ACTIVITY:
Below are records to retype exactly, except for the pictures.

Stored data entries:
BEGIN
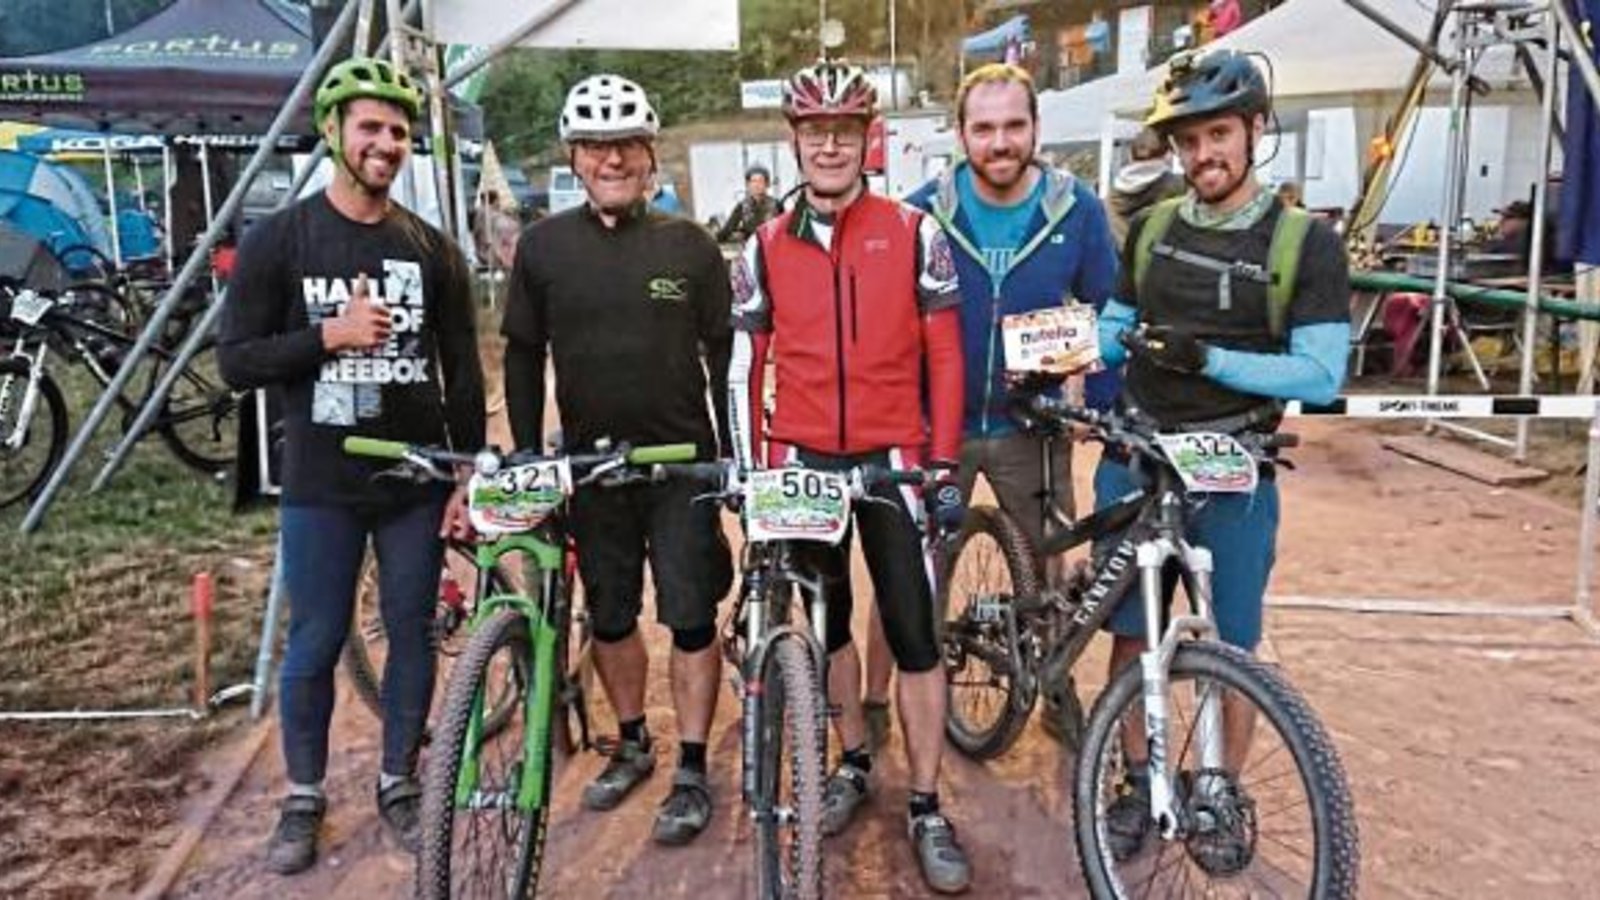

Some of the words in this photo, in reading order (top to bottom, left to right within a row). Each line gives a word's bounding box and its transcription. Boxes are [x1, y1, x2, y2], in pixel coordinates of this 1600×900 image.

[52, 135, 165, 149] KOGA
[320, 358, 428, 384] REEBOK
[501, 464, 560, 495] 321
[782, 472, 843, 500] 505
[1073, 539, 1135, 626] CANYON
END
ANSWER SECTION:
Some of the words in this photo, in reading order (top to bottom, left to right within a row). Each line gives a word's bounding box and its transcription. Boxes are [x1, y1, x2, y2], in pixel coordinates of this 1600×900 image.

[52, 135, 165, 149] KOGA
[320, 358, 428, 384] REEBOK
[501, 464, 560, 495] 321
[782, 472, 843, 500] 505
[1073, 539, 1135, 626] CANYON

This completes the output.